After his remarks, Kanaan insisted that himself, Boles and Walsh stand alongside the team of frontline workers in attendance to participate in another IMS tradition: kissing the bricks, which the winners of major events at IMS do with their teams to celebrate winning at the largest sports seating facility in the world.

After the group kissed the bricks, Walsh momentarily paused from his job and became a tourist, he quipped, taking photos on his phone of the Yard of Bricks. His tour continued after his remarks on the IMS main straightaway when Kanaan gave Walsh a feel for his day job, taking him for laps around the Speedway in a Chevrolet Camaro.

IMS continued to serve as a mass vaccination site during the Month of May, with a clinic across the street from the famed racetrack as well as three locations inside the facility that ticketholders could receive their COVID-19 vaccination at on Race Day for the 105th Running of the Indianapolis 500 presented by Gainbridge.

On May 30, the Indy 500 returned to its Memorial Day weekend date with 40 percent of capacity and 135,000 spectators in attendance. It was the largest event held in the United States since the COVID-19 pandemic began.

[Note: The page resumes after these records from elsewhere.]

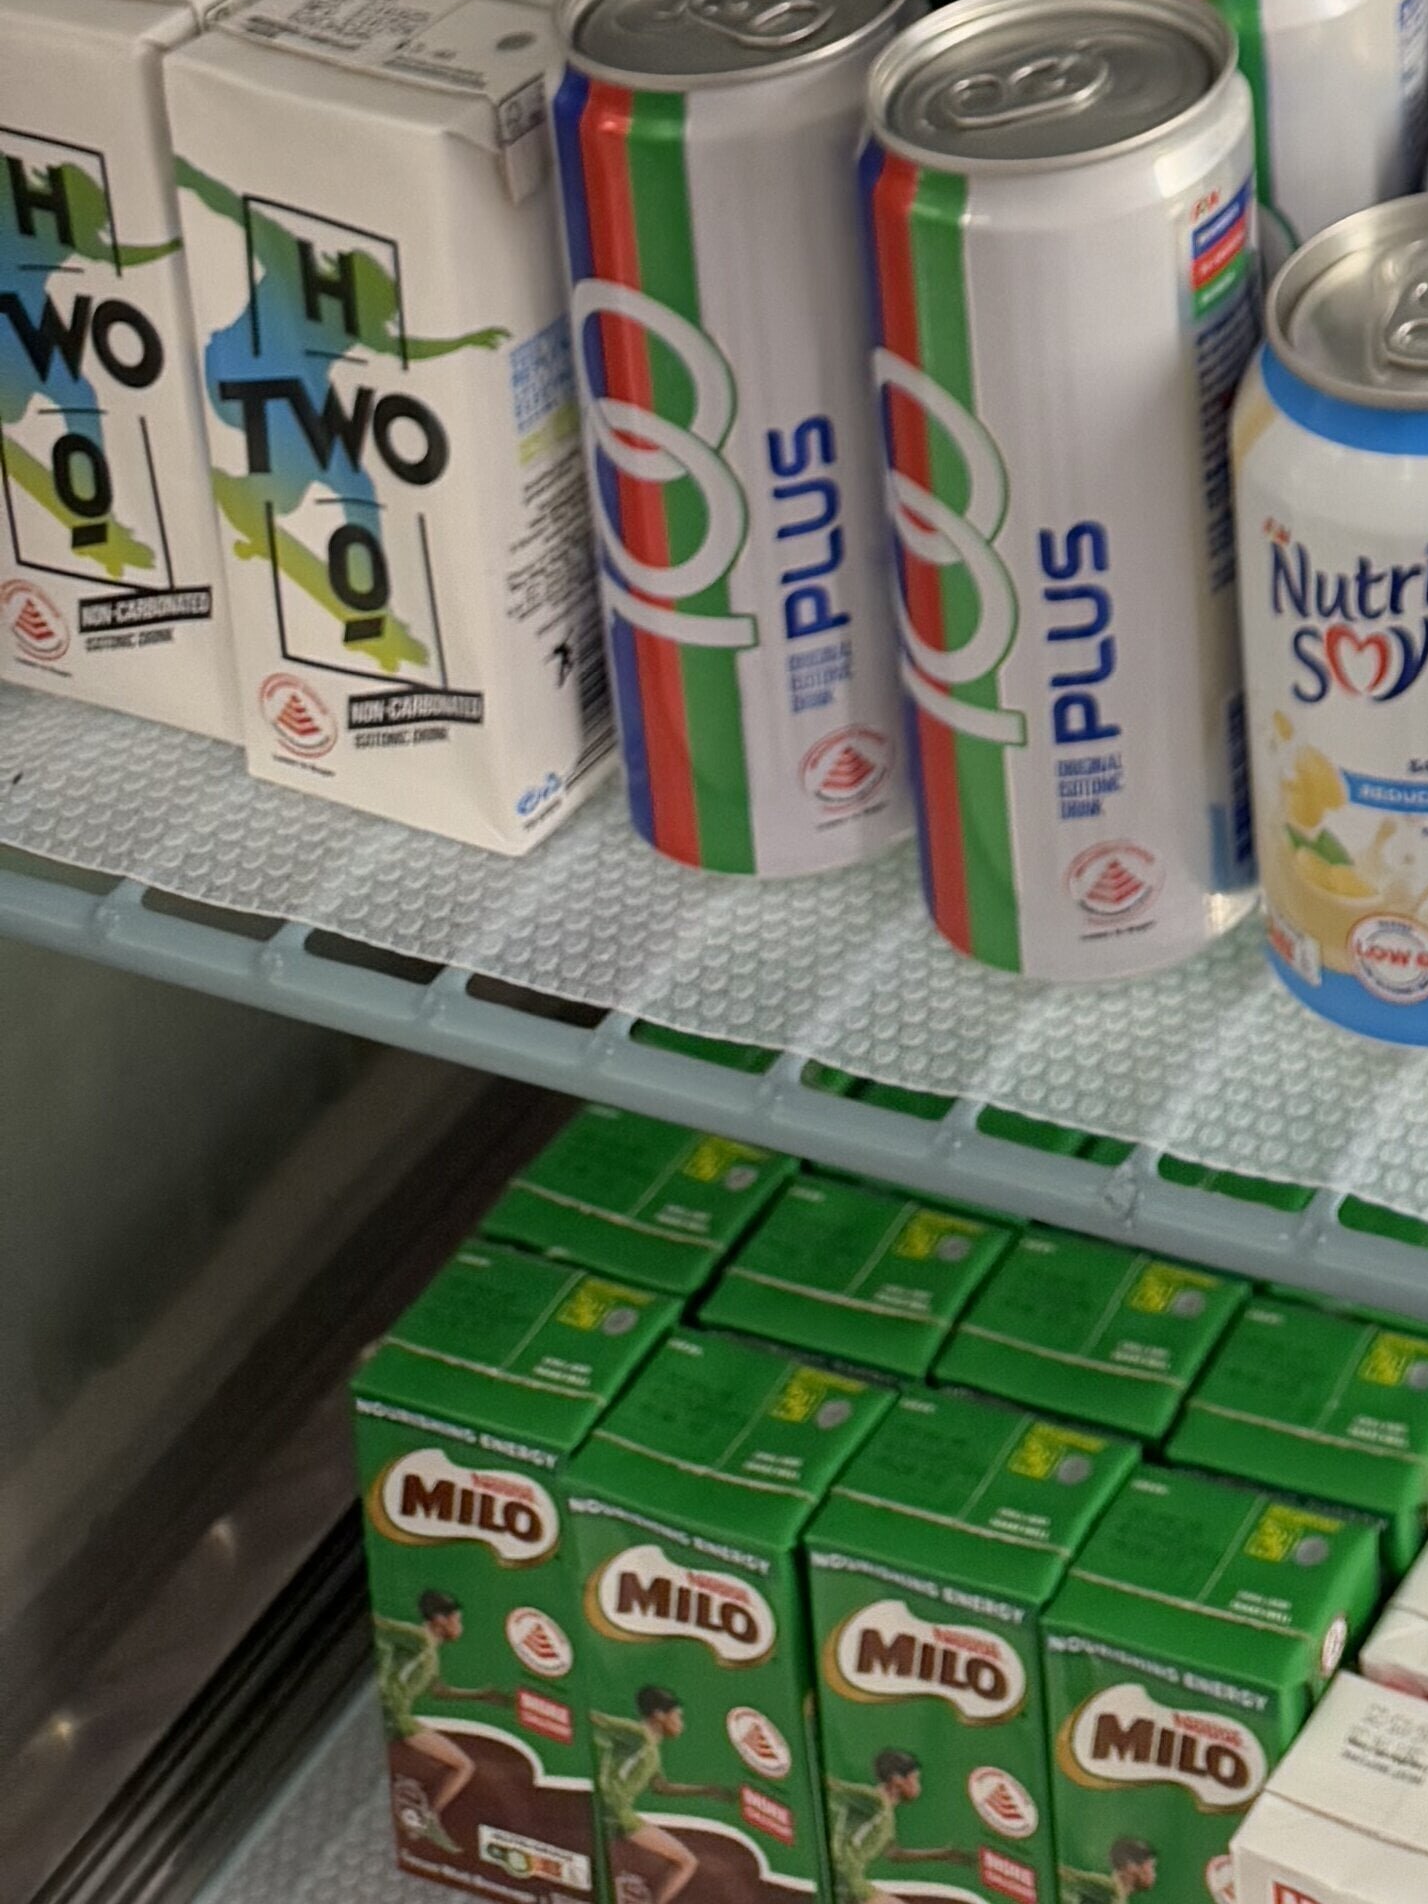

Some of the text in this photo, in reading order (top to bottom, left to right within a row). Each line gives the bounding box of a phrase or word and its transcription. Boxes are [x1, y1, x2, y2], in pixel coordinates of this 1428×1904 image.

[6, 152, 76, 248] H
[297, 238, 359, 339] H
[0, 292, 165, 391] WO
[219, 377, 449, 487] TWO
[326, 523, 391, 612] O
[767, 413, 851, 642] PLUS
[1040, 519, 1121, 747] PLUS
[349, 694, 483, 727] NON-CARBONATED
[400, 1473, 544, 1544] MILO
[615, 1570, 760, 1645] MILO
[855, 1627, 1010, 1702] MILO
[1091, 1712, 1250, 1791] MILO

“We were excited to be the world’s largest event since the pandemic began,” Boles said. “We did it in a responsible way, working with the City of Indianapolis and State of Indiana to make sure we positioned people properly. More importantly, we were happy, and I think this is the reason the secretary is here, is to remind people in this country how important it is to get vaccinated, even now as things are going in a different direction in terms of numbers. That urgency we felt two or three months ago might not feel the same, but it is just as important.”